Under those circumstances, adding more ICU hospital beds isn’t enough, the authors said. Stay-at-home measures “may be the only possible way to contain the spread of infection and allow resources to be developed for the time-dependent disease,” they wrote.
Health workers in California have been paying attention to the podcasts from Italy as they brace for an expected onslaught of COVID-19 patients. The podcast featuring Cosentini described conditions so intense that the medical staff needed the help of a staff psychologist.
On one particularly bad day, Cosentini’s emergency department took in 80 patients with pneumonia. With no available beds inside the 800-bed hospital, patients had to wait all over the emergency department, Cosentini said.
Treating COVID-19 patients takes time.

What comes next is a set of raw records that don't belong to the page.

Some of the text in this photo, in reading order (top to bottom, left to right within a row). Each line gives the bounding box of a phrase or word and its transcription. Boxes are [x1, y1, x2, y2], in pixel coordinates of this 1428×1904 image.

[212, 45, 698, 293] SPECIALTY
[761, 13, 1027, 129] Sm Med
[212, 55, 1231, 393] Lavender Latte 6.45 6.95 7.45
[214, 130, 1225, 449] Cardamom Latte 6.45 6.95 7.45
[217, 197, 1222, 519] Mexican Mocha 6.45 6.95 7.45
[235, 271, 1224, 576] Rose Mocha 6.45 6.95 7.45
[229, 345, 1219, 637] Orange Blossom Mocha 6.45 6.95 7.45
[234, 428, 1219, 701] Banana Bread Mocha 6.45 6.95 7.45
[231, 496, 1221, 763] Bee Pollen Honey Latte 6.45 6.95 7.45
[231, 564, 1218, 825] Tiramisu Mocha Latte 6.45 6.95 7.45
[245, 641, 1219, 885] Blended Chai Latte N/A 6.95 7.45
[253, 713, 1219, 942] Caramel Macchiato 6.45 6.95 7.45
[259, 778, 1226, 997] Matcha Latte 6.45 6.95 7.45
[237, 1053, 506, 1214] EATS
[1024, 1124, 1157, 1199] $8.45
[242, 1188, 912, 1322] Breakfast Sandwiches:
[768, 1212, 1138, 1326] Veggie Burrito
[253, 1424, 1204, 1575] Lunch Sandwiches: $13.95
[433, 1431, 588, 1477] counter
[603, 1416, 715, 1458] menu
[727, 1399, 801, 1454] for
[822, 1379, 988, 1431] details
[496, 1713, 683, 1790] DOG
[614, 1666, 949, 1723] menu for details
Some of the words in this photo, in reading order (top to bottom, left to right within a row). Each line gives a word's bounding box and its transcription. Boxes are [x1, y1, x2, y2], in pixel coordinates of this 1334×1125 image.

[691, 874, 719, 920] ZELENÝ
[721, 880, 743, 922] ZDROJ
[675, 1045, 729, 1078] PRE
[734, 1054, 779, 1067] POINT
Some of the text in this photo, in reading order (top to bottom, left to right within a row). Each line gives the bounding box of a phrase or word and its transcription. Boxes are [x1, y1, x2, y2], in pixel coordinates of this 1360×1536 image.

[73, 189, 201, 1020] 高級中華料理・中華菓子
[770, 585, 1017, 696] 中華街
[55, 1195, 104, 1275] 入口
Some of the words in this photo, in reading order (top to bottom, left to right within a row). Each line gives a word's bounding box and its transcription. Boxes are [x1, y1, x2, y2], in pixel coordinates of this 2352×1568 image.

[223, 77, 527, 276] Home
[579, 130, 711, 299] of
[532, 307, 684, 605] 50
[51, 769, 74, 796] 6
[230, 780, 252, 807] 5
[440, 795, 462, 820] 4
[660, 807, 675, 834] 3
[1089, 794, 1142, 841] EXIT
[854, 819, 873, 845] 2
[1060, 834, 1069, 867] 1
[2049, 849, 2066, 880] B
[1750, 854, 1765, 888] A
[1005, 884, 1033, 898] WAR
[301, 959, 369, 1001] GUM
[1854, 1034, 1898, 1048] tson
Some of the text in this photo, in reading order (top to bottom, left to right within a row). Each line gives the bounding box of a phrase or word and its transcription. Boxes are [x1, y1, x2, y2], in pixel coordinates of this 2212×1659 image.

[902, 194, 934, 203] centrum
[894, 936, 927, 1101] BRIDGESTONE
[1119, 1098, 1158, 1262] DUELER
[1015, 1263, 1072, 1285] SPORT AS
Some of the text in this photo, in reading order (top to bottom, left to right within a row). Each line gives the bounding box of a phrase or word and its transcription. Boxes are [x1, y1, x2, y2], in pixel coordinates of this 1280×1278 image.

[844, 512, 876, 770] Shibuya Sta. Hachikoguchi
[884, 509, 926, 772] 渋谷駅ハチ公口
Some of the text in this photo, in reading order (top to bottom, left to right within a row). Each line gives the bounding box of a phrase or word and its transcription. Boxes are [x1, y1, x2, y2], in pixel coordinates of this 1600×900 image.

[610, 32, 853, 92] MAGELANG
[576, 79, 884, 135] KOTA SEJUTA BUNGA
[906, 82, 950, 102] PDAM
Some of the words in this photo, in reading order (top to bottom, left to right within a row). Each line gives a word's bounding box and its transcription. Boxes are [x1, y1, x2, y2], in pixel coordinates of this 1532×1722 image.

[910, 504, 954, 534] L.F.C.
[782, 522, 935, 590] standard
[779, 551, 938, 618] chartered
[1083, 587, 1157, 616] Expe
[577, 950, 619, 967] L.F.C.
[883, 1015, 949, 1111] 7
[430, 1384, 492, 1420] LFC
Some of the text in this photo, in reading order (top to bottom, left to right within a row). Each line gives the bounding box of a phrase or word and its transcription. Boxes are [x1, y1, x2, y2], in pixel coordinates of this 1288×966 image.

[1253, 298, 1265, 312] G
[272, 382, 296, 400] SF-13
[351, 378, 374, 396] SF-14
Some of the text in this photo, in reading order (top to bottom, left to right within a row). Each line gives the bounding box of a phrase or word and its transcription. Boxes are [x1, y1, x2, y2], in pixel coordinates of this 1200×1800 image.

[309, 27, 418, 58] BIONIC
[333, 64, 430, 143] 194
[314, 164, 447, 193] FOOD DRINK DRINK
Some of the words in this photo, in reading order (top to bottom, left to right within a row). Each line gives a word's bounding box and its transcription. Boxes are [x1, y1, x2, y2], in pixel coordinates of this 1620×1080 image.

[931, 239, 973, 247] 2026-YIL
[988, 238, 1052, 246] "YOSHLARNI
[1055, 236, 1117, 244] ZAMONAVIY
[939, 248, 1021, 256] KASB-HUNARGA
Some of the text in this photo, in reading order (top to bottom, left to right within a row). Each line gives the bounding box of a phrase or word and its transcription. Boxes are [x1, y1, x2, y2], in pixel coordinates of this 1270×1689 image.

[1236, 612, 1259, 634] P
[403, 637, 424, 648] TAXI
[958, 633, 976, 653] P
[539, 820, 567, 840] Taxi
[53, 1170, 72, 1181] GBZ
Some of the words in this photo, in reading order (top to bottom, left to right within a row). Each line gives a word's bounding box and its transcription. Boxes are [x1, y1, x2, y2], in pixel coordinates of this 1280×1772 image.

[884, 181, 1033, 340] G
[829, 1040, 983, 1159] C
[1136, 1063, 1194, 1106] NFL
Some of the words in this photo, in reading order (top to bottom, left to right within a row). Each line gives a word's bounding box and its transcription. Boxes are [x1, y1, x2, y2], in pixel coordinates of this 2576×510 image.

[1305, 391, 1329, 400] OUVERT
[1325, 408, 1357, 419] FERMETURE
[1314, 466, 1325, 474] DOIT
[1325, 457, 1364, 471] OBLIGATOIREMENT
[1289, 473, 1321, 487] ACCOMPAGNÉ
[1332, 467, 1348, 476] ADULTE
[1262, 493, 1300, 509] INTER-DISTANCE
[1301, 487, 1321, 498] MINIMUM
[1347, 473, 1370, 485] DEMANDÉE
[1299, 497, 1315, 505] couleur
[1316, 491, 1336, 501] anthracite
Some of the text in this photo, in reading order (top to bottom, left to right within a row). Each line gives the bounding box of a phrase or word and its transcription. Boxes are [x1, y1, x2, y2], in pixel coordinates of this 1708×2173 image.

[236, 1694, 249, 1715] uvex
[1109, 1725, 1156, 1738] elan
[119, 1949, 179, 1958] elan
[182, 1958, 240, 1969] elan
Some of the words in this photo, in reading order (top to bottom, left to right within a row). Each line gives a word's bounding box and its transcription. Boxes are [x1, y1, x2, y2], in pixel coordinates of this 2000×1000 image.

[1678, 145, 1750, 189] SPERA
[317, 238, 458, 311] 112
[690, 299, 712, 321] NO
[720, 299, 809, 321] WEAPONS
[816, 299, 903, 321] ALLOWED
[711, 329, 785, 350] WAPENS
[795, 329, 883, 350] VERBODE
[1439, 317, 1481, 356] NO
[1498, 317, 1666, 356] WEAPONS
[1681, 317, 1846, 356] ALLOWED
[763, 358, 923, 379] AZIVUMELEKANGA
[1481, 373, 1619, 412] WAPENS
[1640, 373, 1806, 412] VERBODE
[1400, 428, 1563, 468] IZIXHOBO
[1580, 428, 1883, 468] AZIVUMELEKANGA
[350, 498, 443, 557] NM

A patient who can’t breathe on his or her own may need to be on a ventilator for three to 20 days. A study of patients in Wuhan, China, reported that the median time between the onset of illness to discharge from a hospital was 22 days. (Those who died lasted 18.5 days after their symptoms first appeared.)
“We not only fill up the beds with people with this disease and those who are suspected of having it, but we can’t move [them] out until we’re sure they’re negative,” Rutherford said.
Times staff writers Harriet Ryan and Sean Greene contributed to this report.